The developers of what is expected to be Australia’s biggest manganese metals project are looking to source up to 90 per cent renewables for the electricity supply of its energy-intensive operations, and believe it could achieve price parity with Chinese suppliers if it does.
It is also a potential case study of how cheap renewables will enable Australian miners and companies to export value-added products to the world, rather than just ore.
Element 25 is a company that is looking to exploit a huge 260 million tonne resource of manganese, known as the Butcherbird project, about 100km south of Mt Newman in the Pilbara region of Western Australia.
It will need some 100MW of capacity to run the operations and the energy-intensive electrolysis needed to convert the ore into metal. About 6.5MWh (about the yearly use of an average household) is needed to make one tonne of metal.
There is a gas pipeline running past the project, but according to Element 25 executive director Justin Brown, relying on gas only – as other existing mines do – will not allow the project to be competitive with Chinese rivals, despite a new cleaner and cheaper process developed by CSIRO that takes the ore through various chemical processes to become sulphate and then to metal through electrolysis.
The gas-powered solution, Brown says, will deliver an electricity cost of around 12c/kWh, meaning that despite the efficient CSIRO process, it will still be well behind Chinese rivals, whose electricity costs have risen, thanks to rising coal costs, to around 7c/kWh.
So, his company is turning to wind and solar, and the analysis done so far with Advisian and others indicates that using a mixture of 50 per cent wind and solar will deliver a competitive price, likely around 9c/kWh all in. And if the share of renewables is lifted to around 90 per cent, then the company may be able to reduce its costs to even closer to the Chinese.
“We think we can improve on engineering to allow higher penetration of renewables, that will lower cost and the carbon intensity,” Brown says. That latter part is important, because Brown says that more and more international customers are demanding low-carbon supplies, and this creates added value.
Element 25 is working with Murdoch University and Advisian to investigate exactly how far the company can go with renewables, and various forms of storage, pushing the limits of variable renewables in such off-grid installations, and the impact on “variables” such as voltage and current.
As with other miners and processors, reliability is the key, but as the several hundred miners and energy providers have heard at the Energy and Mines conference in Perth this week, more and more miners are turning to renewables and storage to lower costs, cut emissions and improve reliability.

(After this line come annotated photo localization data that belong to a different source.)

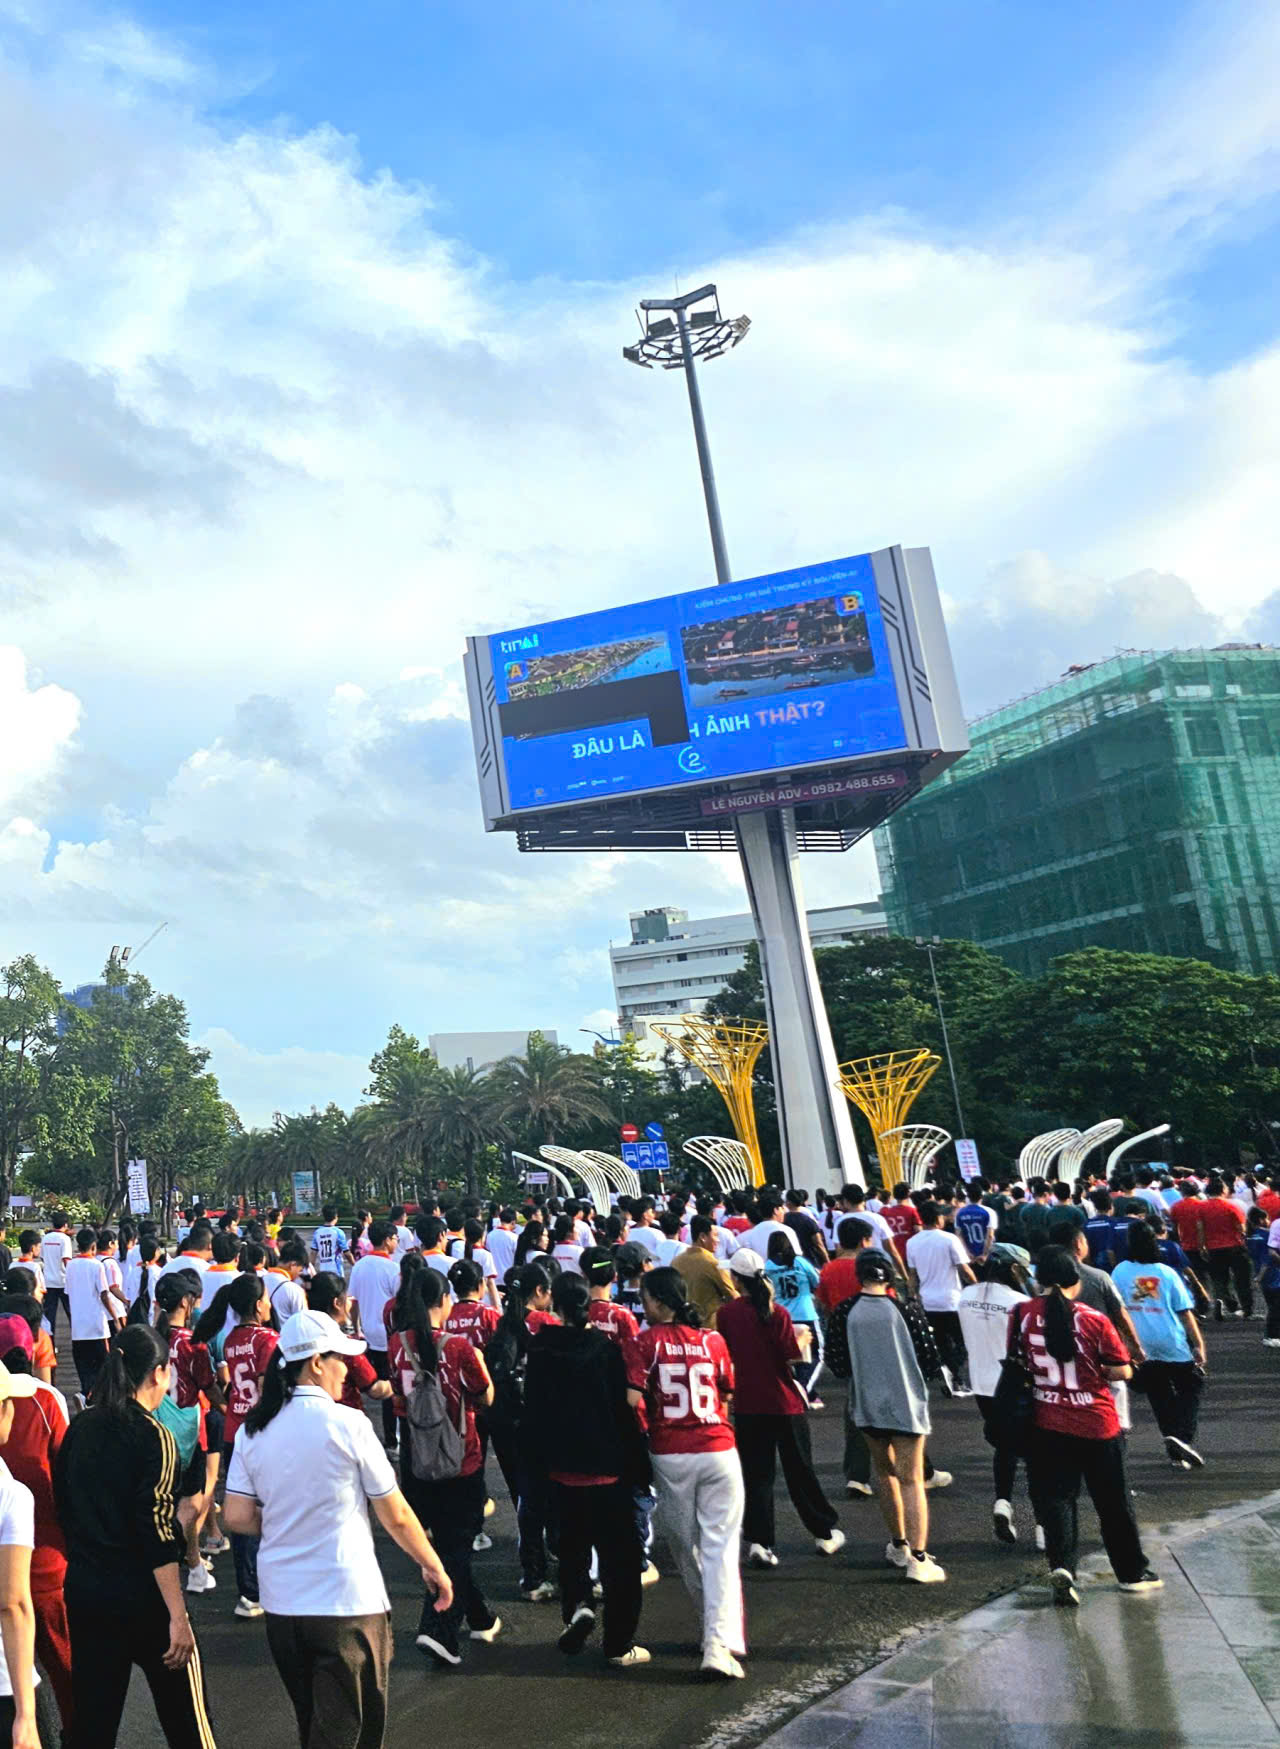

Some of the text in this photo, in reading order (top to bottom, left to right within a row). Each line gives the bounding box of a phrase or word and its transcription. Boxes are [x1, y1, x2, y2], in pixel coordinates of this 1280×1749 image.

[841, 596, 860, 611] B
[511, 664, 523, 679] A
[572, 737, 614, 759] ĐÂU
[620, 729, 646, 751] LÀ
[706, 713, 751, 737] ẢNH
[963, 1222, 985, 1244] 10
[658, 1362, 715, 1419] 56

The common theme here is that 50 per cent renewables to power mine sites will be considered standard. But higher shares of renewables are inevitable, because the cost reductions will be even greater.
Brown notes that while much of the talk in Australia is about using renewable hydrogen to deliver a zero-emissions and cost competitive fuel export to Asia, Australia should also be thinking about using that cheap wind and solar to increase its manufacturing and processing industries in Australia.
“I think there is a huge opportunity for industry, and for the refining and processing of copper, lead, zinc, and manganese. It can be a viable alternative to just shipping the ore out,” Brown said.
“We want to be leaders in this space. Renewable energy-powered electro-winning of metals embeds the renewable energy into the products for export.”
A similar view is held by the proponents, including CWP Renewables, Macquarie and Vestas, of the massive 11GW Asian Renewable Energy Hub project, also in the Pilbara.
The focus of that Pilbara project has been on exports, either through a sub-sea link to Indonesia or through green hydrogen to north Asia, but it is also looking at industrial opportunities, in processing and manufacturing. Steel maker Sanjeev Gupta and professor Ross Garnaut speak of the same opportunities.
Brown says the power solution for Butcherbird is going out to tender, and because the mine will have a long life – 25-50 years – then a lengthy power purchase agreement will also help with the pricing. A final decision is expected over the next 12 months.